I don’t like to go on the underground. I don’t like being locked up, surrounded by uncomfortable people like me. Is it perhaps the people themselves, or do I find the cave and its interconnected tunnels unpleasant?
 
The tunnel is the oldest and most intrinsic symbol of digging, of venerating the earth, of the link with the transcendent, but they are also those interstices through which death has always been known to creep. Both the tunnel and the cave are dark spaces that go into the unknown, where fear usually dwells. At other times we have managed to turn them into sanctuaries and points of pilgrimage. Places to survive, to undergo a vital process or simply to take refuge.
 
Yusuke Urameshi comes to my mind when he had to pass the final test of Genkai inside a cave in order to face Toguro in the manga Yu Yu Hakusho. The cave as a space in which to become stronger. Precisely “going to the cave”, in my post-teenager vigoréxic days, meant going to the gym. Roc got strong, for the first time, by going through tunnels and tunnels all over the world, riding on top of his motorbike Epona from Barcelona to Vladivostok.
 
You’ve travelled the world mate! At one point on that trip, while Roc was in the cramped, underground waiting room of Seoul’s underground, he was busy photographing the faces of the people in front of him and what they were staring at with their eyes averted. All of them in a “state of transit”, travelling through their screens in digital tunnels digged by computer algorithms, as they travelled through the veins of Seoul.
 
That infinite loop was like the underground city of Turkish Cappadocia; Derinkuyu. A defensive city carved out of stone over three thousand years ago, in which the hierarchies of levels were reciprocally linked like Escher’s biunivocal constructs or the Moebius strip.

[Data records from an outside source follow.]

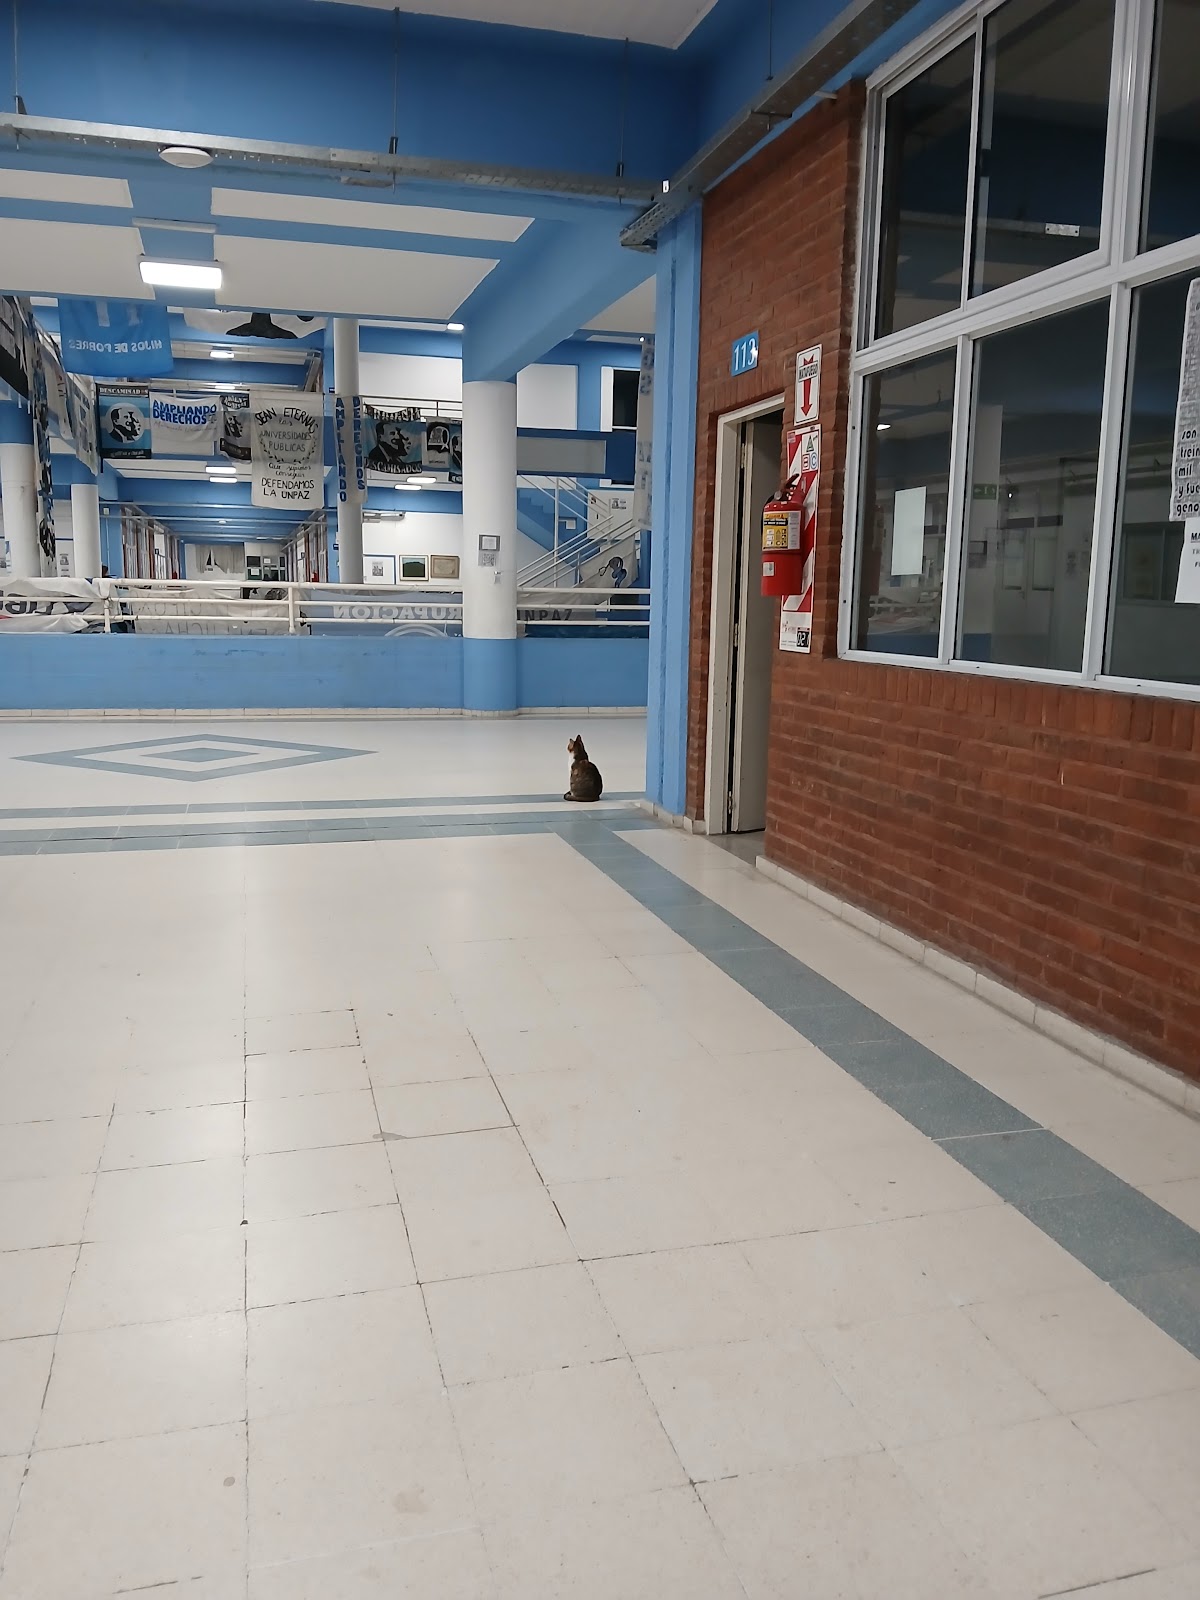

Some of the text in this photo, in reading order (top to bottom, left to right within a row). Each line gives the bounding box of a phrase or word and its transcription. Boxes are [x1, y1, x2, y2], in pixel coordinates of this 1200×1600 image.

[734, 338, 758, 371] 113
[152, 399, 217, 415] AMPLIANDO
[152, 408, 207, 425] DERECHOS
[254, 407, 319, 434] SEAN ETERNAS
[260, 430, 312, 441] UNIVERSIDADES
[1181, 429, 1197, 440] son
[268, 440, 306, 452] PUBLICAS
[335, 397, 347, 502] AMPLIANDO
[352, 395, 366, 490] DERECHOS
[1178, 463, 1192, 477] mil
[261, 477, 315, 490] DEFENDAMOS
[263, 487, 310, 500] LA UNPAZ

One way or another, despite the increasing directional sense of “we’re doing well”, we always seem to come back to the same point. The suffocating abyss of the indecipherable eternal return. In this strange loop, where the most everyday actions are traversed by an algorithmic culture that orders, classifies and hierarchies people, places, ideas, habits and colonises our intimacy, what margin is left for subjectivity? Do we have, if anything, that emancipatory power that would be necessary to be able to live outside the labyrinth, the loop or the cave?
 
— Guillermo Ros

29.1.23 — 26.2.23

Photo by Alberto Feijóo

[Zape](zape.lol)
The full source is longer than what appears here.